The CDC also just issued a statement this week that “COVID-19 poses relatively low risks to school-aged children.” Children are far more likely to die of the flu. Also, they said that data shows that the risk of infection from students to teachers is “relatively low.” So those of us with kids in school can breathe a little easier. That should make teachers breathe a little easier, too.

I prefer to deal with facts. The loud horns of emotional energy from those around me blare in my ears so loudly that it’s hard to stop and listen to the small truths that are a lot quieter, and perhaps harder to find. It's hard to hear when every person on social media considers themselves to be the source we should listen to. For instance, when you hear that 215,528 people have tested positive, that’s alarming! I keep seeing posts from well-meaning friends who keep talking about the positive cases, But what you don’t hear is that over 2 million 5 thousand tests were administered. Only 10% of tests are coming back positive. We are doing significantly more testing, so that automatically means a significant increase of positive cases, as well.

I’m not downplaying COVID-19. It exists. It’s real. So many of you know someone who has been impacted, or even died. I’m sorry for that. I know it’s serious, but it’s also important to get the full picture. When news gets reported, periods often get put where commas should be. For example, a few weeks ago a Georgia youth camp made national news when 260 kids all tested positive for coronavirus. It was alarming, especially so close to school starting to think that maybe coronavirus spreads among children faster than we initially thought! But of all the articles I read from large, national news sources, so many failed to mention that of all those kids, only half reported any actual symptoms, and those that did had minor, cold-like symptoms, according to the final report. None of those children were seriously impacted.

So, while I don’t want my kids to get any disease of any kind, I also need to manage my fear with a healthy dose of the reality of how kids are actually impacted. The fact that they get it is not enough. I must also balance that with how our children’s bodies respond to it. The good news for today is that children respond to this with an ease that older adults do not. That comforts me as my daughter bounces through the halls of her schools learning reading and writing and math and science.

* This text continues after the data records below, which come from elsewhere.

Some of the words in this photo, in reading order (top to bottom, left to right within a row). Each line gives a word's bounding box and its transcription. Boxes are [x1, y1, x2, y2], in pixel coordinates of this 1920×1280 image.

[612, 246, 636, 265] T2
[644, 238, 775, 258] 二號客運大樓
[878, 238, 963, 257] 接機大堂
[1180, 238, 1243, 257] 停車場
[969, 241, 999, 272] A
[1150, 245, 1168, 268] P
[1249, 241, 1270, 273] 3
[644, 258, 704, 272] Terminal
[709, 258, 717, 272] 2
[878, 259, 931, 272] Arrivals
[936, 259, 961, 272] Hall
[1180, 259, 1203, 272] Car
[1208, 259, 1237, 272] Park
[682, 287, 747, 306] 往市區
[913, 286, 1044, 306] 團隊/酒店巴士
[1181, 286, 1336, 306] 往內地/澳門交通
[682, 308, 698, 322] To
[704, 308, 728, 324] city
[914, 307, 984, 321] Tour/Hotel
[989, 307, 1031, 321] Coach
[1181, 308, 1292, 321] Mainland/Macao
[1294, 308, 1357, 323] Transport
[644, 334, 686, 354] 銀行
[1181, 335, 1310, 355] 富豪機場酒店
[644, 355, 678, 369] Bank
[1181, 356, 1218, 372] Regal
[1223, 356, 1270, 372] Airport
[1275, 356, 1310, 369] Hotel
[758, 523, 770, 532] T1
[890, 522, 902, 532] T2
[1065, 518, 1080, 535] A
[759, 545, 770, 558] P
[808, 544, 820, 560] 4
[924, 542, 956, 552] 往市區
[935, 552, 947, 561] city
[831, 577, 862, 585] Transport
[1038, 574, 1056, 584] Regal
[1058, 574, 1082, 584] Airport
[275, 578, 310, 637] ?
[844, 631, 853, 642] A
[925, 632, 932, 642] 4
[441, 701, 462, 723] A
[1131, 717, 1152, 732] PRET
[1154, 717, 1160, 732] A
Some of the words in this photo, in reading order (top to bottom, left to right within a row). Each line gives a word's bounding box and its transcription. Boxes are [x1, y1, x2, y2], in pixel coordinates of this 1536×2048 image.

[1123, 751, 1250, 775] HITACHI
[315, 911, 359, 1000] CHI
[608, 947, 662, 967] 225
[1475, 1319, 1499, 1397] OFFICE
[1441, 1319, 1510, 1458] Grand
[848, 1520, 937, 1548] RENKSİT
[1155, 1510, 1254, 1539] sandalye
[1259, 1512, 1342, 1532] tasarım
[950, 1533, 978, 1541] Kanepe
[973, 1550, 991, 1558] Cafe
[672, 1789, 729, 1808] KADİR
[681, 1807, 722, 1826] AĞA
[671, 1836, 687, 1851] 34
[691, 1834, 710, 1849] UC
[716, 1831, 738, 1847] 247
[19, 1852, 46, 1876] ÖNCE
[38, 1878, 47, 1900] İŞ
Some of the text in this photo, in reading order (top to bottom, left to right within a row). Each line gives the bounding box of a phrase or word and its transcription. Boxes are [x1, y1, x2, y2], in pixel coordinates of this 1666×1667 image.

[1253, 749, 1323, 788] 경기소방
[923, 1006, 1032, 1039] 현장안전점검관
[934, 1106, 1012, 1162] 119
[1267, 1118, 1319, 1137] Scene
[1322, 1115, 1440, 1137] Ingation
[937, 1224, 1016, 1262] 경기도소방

I hope her teacher is able to focus on those subjects and not the pandemic.

A pandemic, even the word alone makes me shutter, can bind and suffocate and grab our hearts if we are not careful. Let’s seek to be the good news. Yes, the bad news is out there, but there are plenty of other people willing to share that. So, while my job determines that, if the bad news is out there, I’m here and ready to share it so you know what is going on, I also feel it’s my job to say, hey, the good news is out there, too. It’s not all gloom and doom.

Since the national coronavirus numbers peaked on July 24 at 74,818 cases, we have declined significantly. On August 14, just a little over three weeks later, the national cases were at 56,729. The numbers are trending downward across the U.S. pretty significantly across most states. That’s good news.

I think the key to making it through dark days is finding joy, playing the glad game, if you will, in the things where we can. In a world full of news – murders and riots and thefts - I’m grateful to work at a place where we all want to share the good news, too. In a world full of darkness, let’s be the light. I want to honor that little girl who wanted to share the good news with the world. That’s what I want my blog to do… share some joy and light… one day it may be about my kids or my chickens, or my faith, but it’s all about finding some light in a dark world. Today, take courage. We will recover. This is just a season and there is light closer than we may think. If you are weary, as I am, hang in there. We will get through it together.